In a microarray analysis of murine pulmonary genes regulated by B. pertussis infection in the absence or presence of PT, our group identified an anion exchanger, slc26a4, as one of the most highly induced PT-associated genes (Connelly, Sun and Carbonetti 2012). Tissue samples from B. pertussis-infected baboons also display upregulation of this gene compared with mock-infected animals (Scanlon et al. unpublished data). SLC26A4, or pendrin, is an anion exchanger found at multiple sites throughout the body, including the lungs. In the airways, pendrin mediates the export of HCO3 and thiocyanate from the cytoplasm and imports Cl (Pedemonte et al. 2007; Garnett et al. 2011). To date, there have been few studies evaluating the role of pendrin during infection. Preliminary work from Adams et al. (2012) suggests that pendrin is also upregulated in the airways of Staphylococcus aureus-infected mice, while slc26a4 gene levels also appear to correlate with common cold severity among human subjects (Nakagami et al. 2008). In our B. pertussis infection model, and perhaps in response to other respiratory pathogens, we hypothesize that upregulation of pendrin serves as an antimicrobial response by the host, via efflux of thiocyanate. In the airways, thiocyanate (SCN) is oxidized by H2O2, in a reaction catalyzed by lactoperoxidase, to produce hypothiocyanate (OSCN). This molecule is bactericidal and bacteriostatic, functioning by inhibiting bacterial respiration (Thomas and Aune 1978). In support of this theory, we found that B. pertussis-infected pendrin knockout mice had elevated bacterial loads throughout the course of infection (Scanlon et al. 2014). However, further investigation is necessary to directly attribute this increased colonization to a reduction in OSCN levels.

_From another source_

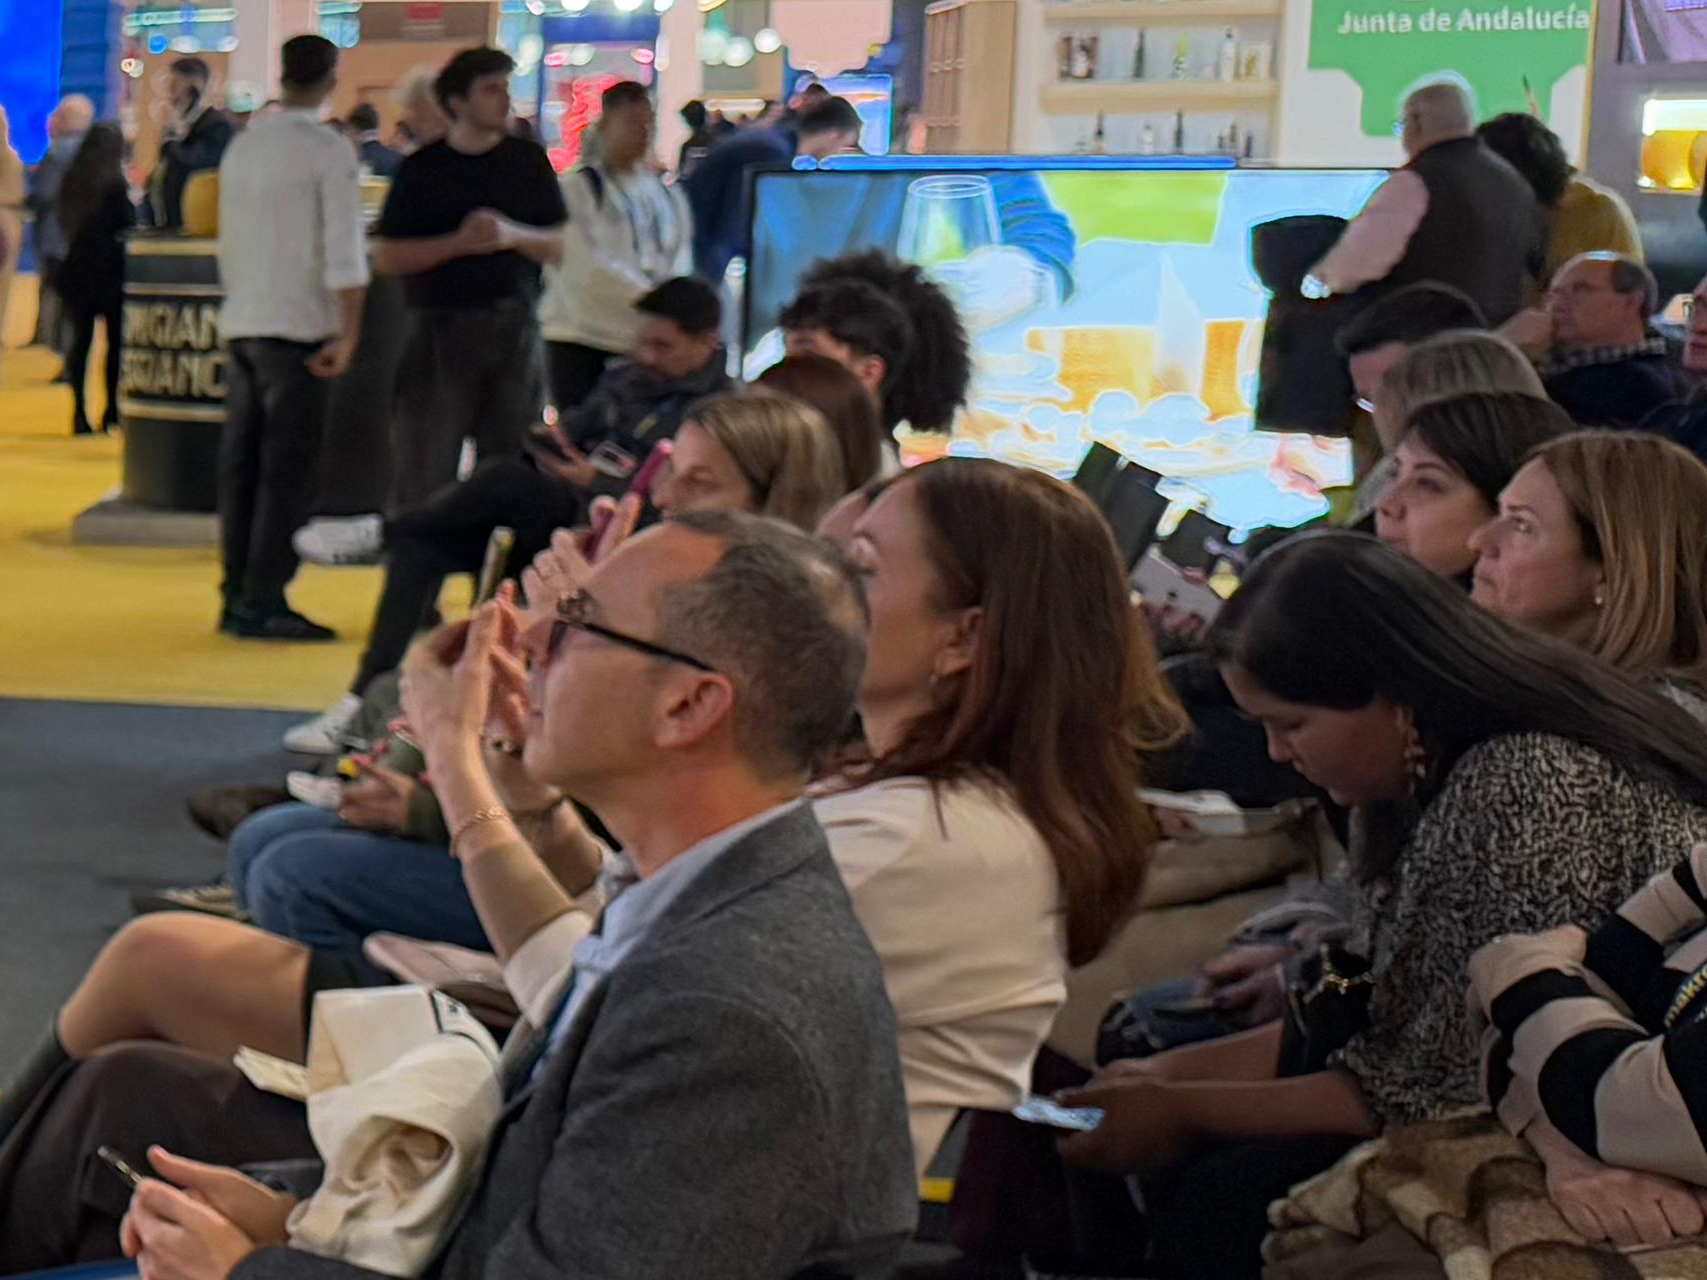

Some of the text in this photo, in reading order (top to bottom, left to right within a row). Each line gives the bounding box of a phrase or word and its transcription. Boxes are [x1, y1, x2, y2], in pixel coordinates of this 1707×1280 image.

[1337, 1, 1591, 34] Junta de Andalucía

A role for pendrin in the induction of airway inflammation and pathology has already been established for diseases of the airways unrelated to infection. One study by Yick et al. (2013) described pendrin as the most highly upregulated gene in bronchial biopsies from asthmatics versus controls, and in addition, functional mutations of pendrin, that result in enhanced activity, have been proposed to play a role in the pathogenesis of hypertension and/or asthma and COPD (Dossena et al. 2011). In mouse models, overexpression of pendrin in the airways drives enhanced mucus production and neutrophil infiltration, along with increased chemokine production and airway hyperreactivity (Nakao et al. 2008). In an ovalbumin challenge model of airway hyperresponsiveness, pendrin-deficient mice displayed reduced pulmonary pathology, airway hyperreactivity and inflammatory cell influx. Tracheal epithelial cells from these mice also exhibited increased ASL thickness in response to IL-13 stimulation compared with IL-13-stimulated control pendrin-expressing cells, suggesting that reductions in airway pathology in pendrin-deficient mice result from improved ASL hydration (Nakagami et al. 2008). Work from our group has demonstrated a similar role for pendrin in infection-induced airway inflammation. Pendrin-deficient mice infected with B. pertussis presented with a significant reduction in lung inflammatory pathology, compared with infected pendrin-expressing mice. In our model, however, we were surprised to observe higher levels of inflammatory cytokines and chemokines in infected pendrin-deficient mice compared with infected pendrin-expressing mice (Scanlon et al. 2014). As pendrin exports HCO3 and imports Cl, we hypothesize that in the absence of pendrin the ASL would have an increased acidity and salinity. Such conditions would be suboptimal for the activity of both antimicrobial factors and chemokines (Pezzulo et al. 2012). Dairaghi et al. (1997) found that the activity of the chemokine receptor CCR3 in its interaction with CCL11 was greatly decreased by a modest decrease in pH and increase in salinity. Hence, while in the absence of pendrin, cytokine and chemokine levels are high despite low infection-induced airway pathology, we propose that the activity of those proteins is reduced due to the ASL environment.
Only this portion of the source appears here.